Успокоительный сбор. Хмель для лютого - Екатерина Мордвинцева
Она затихла.
В безопасности. Она в моей квартире, в моей постели, и она в безопасности. Какой абсурд. Я — самый опасный человек в ее жизни, и я же говорю ей, что она в безопасности.
Но, может быть, это правда.

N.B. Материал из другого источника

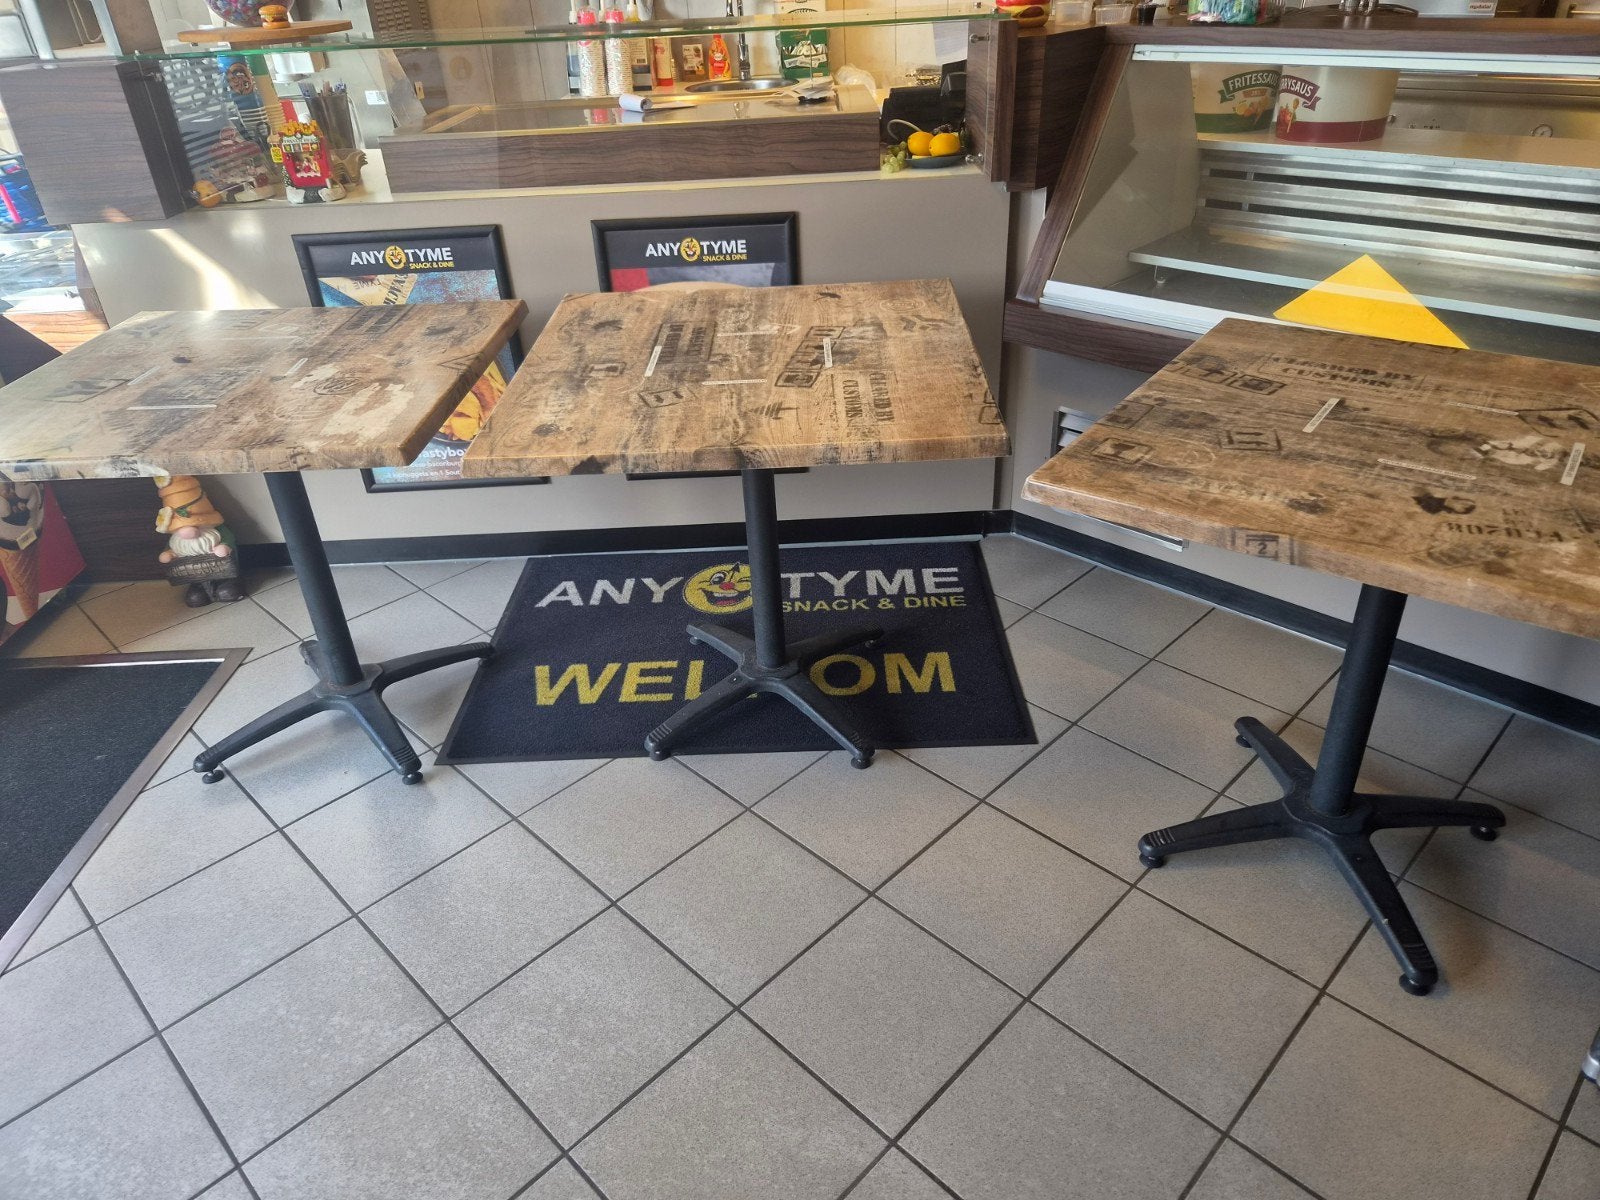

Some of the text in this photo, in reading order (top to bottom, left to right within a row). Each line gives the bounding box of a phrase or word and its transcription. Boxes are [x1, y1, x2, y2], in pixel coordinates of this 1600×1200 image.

[350, 247, 454, 266] ANY TYME
[645, 239, 747, 257] ANY TYME
[423, 446, 467, 459] astybo
[1257, 542, 1267, 554] 2
[534, 567, 964, 608] ANY TYME
[782, 595, 967, 613] SNACK & DINE
[534, 652, 956, 706] WELOM

Может быть, от меня ей ничего не угрожает, кроме меня самого.
Я не знал, как с этим справиться.
Тогда я вспомнил про бабку.
Моя бабка — мать отца — была знахаркой. В деревне, где она жила до переезда в город, ее боялись и уважали. Она умела заговаривать кровь, лечить травами, выправлять вывихи. И она любила хмель.
— Запомни, Илья, — говорила она, когда я был маленьким и приезжал к ней на лето. — Хмель — это не только горечь. Это лекарство. Яд и противоядие в одном растении. Если знать, как с ним обращаться, он вылечит любую рану. И любую душу.
Я тогда не понимал. Я был ребенком, которому было интереснее стрелять из рогатки по воробьям, чем слушать про травы. Но бабка заставляла меня запоминать.
— Хмель с ромашкой — от воспаления, — говорила она, суша шишки на печи. — Припарку сделаешь — и гной вытянет, и жар собьет. Запомнил?
— Запомнил, баб, — отвечал я, чтобы отстала.
— Не запомнил, — качала она головой. — Но когда-нибудь вспомнишь. Вспомнишь и поблагодаришь меня. Хмель тебя еще выручит, Илья. Он — твоя трава. Ты на него похож: цепляешься за жизнь, душишь тех, кто рядом, но если приложить к ране — лечишь. И больно сначала, а потом легче.
Я не верил.
Теперь я стоял на кухне своей квартиры и рылся в шкафах в поисках сушеного хмеля. У меня был запас — я всегда держал дома несколько упаковок, потому что пил хмельной чай от бессонницы. И ромашка была — в жестяной банке с надписью «Matricaria chamomilla». Бабка научила меня латинские названия запоминать — говорила, что это для солидности.
Я достал горсть шишек, горсть ромашковых корзинок. Закипятил воду. Заварил крутой настой — на два стакана воды столовая ложка хмеля и ложка ромашки. Настоять, остудить, процедить.
Пока настой остывал, я приготовил припарку.
Бабка учила: хмель для припарок нужно распарить, чтобы он отдал все свои масла. Я положил шишки в металлическую миску, залил кипятком, накрыл полотенцем. Через десять минут сцедил воду, а размякшие шишки завернул в марлю — несколько слоев, чтобы не жгло.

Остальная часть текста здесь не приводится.